Many have identified the cartoonish left-wing bias of the journalistic profession in its coverage of the TEA Parties. (See here for more examples—if you don’t mind seeing vulgar sexual insults made by CNN and MSNBC news anchors—and an excellent rebuttal by Greg Gutfeld.) But deeper than their bias is that the Leftist journalists seem to have no arguments. Their only recourse seems to be insult.

Once they realize that their insulting bribes and insulting attempts at ridicule won’t work, the more clever welfare-statists will play what they believe is their trump card, which has worked its poison against America since the Progressive Era more than a century ago: the ethics of altruism. They will claim that the TEA Party people are selfish, unwilling to sacrifice to those “less fortunate.”

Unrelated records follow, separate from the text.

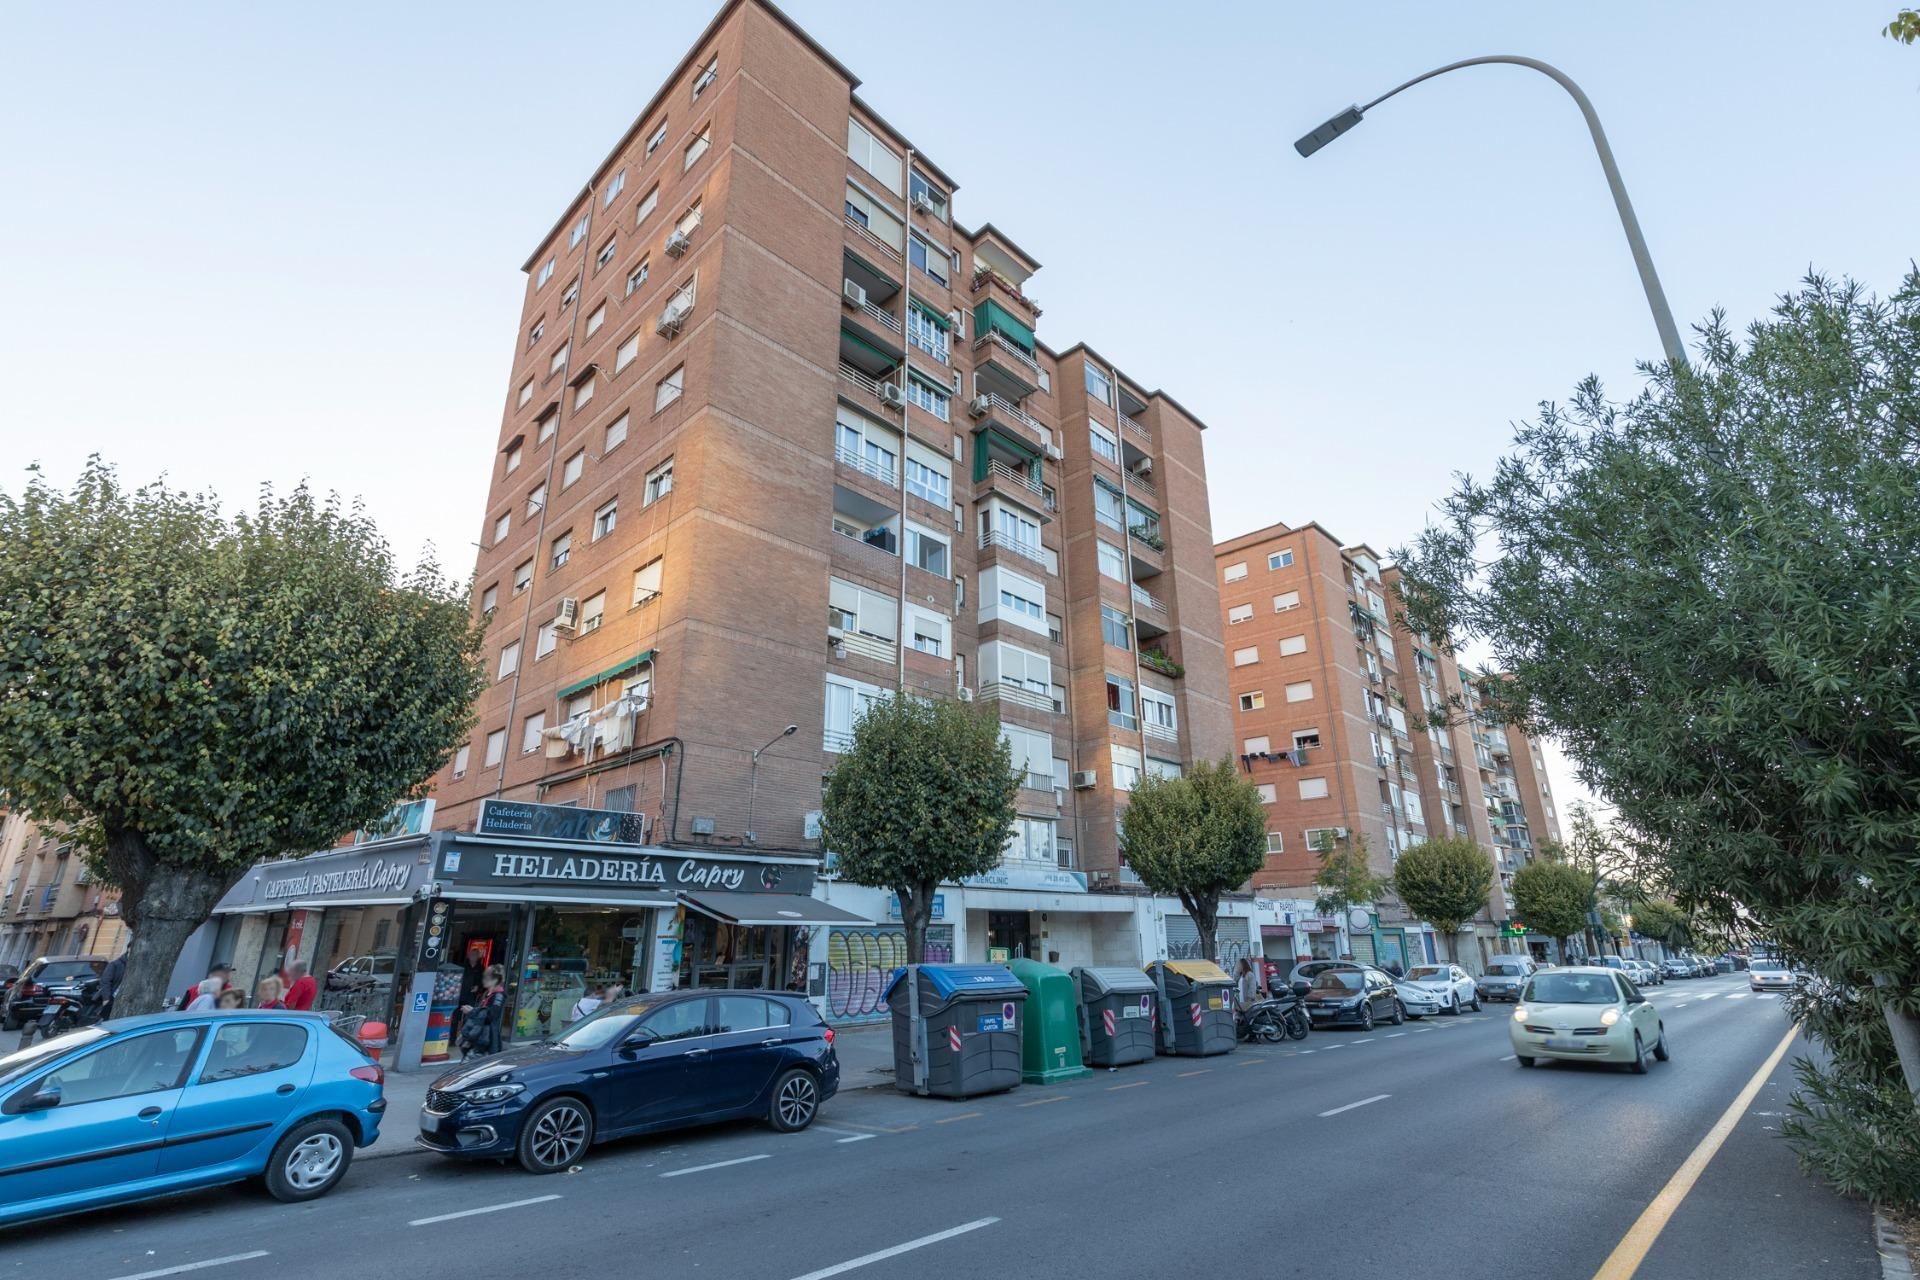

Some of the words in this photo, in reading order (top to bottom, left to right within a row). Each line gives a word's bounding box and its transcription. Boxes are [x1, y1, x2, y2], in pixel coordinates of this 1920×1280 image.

[264, 871, 309, 899] CAFETERÍA
[310, 862, 369, 894] PASTELERÍA
[369, 858, 412, 892] Capry
[491, 854, 666, 883] HELADERÍA
[676, 860, 745, 890] Capry

When the altruism card is played, the TEA Party protesters will have to be even more principled than they have been to date. They will need to call on the ethical code implicit in the Declaration of Independence (most clearly in the phrase “pursuit of happiness”) and made explicit by Ayn Rand: the ethics of rational self-interest. They will need to answer that yes, they are selfish, and productive, and proud of it.

To the TEA Party Americans, I offer this tribute: You don’t owe anyone a give-away. Anyone who values the wealth that you have created should be honored just by the opportunity to trade with you, by mutual agreement to mutual benefit. Anyone should be profoundly thankful just for the example of your success. And if you choose to be charitable to a particular individual at a particular time, that is your choice, not someone else’s.

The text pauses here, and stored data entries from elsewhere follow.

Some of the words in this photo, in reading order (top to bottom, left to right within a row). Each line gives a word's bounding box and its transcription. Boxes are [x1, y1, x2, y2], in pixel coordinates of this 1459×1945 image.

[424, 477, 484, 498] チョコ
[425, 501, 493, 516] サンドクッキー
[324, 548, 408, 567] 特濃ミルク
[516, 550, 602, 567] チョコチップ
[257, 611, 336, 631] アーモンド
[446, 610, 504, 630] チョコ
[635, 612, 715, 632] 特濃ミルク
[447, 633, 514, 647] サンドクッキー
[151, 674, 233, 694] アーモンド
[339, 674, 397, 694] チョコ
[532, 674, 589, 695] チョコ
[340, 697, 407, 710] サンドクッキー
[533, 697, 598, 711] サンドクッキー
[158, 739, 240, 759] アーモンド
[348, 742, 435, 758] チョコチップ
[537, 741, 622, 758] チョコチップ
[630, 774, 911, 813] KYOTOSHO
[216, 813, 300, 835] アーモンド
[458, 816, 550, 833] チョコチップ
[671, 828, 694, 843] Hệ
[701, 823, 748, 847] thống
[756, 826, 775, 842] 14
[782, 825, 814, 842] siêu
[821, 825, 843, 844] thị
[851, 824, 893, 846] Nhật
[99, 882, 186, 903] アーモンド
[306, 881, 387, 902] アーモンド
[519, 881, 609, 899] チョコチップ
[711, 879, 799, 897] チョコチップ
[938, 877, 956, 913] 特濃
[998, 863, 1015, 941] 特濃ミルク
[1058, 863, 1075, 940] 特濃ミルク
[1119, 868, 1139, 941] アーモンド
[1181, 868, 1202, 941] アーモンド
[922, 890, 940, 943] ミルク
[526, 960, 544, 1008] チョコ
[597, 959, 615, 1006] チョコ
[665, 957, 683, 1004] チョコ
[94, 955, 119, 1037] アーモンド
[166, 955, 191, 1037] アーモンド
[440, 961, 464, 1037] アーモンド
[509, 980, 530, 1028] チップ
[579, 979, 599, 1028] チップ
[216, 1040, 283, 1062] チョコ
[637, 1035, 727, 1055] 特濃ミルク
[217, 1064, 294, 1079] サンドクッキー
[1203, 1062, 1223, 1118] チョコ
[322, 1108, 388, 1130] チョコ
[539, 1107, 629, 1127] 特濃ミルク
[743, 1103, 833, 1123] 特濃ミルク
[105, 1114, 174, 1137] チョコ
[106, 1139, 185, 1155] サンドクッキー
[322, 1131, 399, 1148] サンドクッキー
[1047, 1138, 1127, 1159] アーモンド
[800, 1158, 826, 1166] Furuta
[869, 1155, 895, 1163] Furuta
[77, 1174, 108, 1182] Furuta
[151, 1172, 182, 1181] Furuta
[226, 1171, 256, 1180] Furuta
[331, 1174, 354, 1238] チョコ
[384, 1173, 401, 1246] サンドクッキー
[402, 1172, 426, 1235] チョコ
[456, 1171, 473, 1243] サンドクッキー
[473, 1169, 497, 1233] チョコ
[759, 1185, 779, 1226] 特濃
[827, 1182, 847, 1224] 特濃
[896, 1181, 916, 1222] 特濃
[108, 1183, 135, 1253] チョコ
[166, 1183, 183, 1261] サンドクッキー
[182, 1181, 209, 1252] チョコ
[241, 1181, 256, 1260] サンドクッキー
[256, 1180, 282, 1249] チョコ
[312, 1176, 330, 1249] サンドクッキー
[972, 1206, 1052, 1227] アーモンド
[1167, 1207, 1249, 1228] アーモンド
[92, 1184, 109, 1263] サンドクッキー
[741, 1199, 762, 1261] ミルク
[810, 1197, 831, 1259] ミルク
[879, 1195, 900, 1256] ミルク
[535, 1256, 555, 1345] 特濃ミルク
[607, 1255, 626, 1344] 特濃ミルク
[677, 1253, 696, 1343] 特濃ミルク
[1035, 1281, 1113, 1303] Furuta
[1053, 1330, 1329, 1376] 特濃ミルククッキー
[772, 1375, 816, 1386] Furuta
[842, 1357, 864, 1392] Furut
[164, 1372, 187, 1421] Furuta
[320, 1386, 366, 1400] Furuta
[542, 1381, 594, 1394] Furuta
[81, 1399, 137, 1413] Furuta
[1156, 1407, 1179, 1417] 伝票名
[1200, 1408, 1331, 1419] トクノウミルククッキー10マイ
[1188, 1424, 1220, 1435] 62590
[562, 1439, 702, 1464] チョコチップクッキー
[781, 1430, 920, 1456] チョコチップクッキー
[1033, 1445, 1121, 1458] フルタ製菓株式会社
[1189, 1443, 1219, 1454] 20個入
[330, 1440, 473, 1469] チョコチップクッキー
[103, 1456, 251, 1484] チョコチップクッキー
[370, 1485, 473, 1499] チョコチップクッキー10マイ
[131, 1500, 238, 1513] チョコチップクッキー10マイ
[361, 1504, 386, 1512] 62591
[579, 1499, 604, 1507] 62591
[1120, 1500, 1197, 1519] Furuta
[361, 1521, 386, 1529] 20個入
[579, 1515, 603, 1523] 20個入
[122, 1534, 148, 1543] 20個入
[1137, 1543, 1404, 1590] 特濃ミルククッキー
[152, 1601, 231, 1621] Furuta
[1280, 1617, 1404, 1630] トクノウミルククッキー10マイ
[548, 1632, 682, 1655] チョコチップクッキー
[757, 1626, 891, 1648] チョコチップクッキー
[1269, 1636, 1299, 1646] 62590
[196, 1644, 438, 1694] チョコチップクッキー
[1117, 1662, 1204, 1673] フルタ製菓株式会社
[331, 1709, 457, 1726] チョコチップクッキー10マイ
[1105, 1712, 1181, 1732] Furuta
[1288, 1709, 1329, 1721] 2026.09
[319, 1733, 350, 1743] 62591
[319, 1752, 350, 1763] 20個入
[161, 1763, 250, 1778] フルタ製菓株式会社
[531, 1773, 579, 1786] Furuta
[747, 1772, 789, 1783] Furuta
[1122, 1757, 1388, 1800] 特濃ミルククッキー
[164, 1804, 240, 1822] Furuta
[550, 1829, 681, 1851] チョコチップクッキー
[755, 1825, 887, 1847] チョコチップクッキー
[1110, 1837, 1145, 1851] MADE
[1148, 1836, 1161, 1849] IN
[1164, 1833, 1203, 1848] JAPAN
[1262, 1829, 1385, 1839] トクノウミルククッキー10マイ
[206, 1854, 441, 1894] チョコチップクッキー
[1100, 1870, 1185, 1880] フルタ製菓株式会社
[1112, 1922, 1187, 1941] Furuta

In the coming months, when you are attacked as cold and unfeeling and selfish, consider these words:

I came here to say that I do not recognize anyone’s right to one minute of my life. Nor to any part of my energy. Nor to any achievement of mine. No matter who makes the claim, how large their number or how great their need.

I wished to come here and say that I am a man who does not exist for others.

It had to be said. The world is perishing from an orgy of self-sacrificing.

— Howard Roark in The Fountainhead, by Ayn Rand, 1943.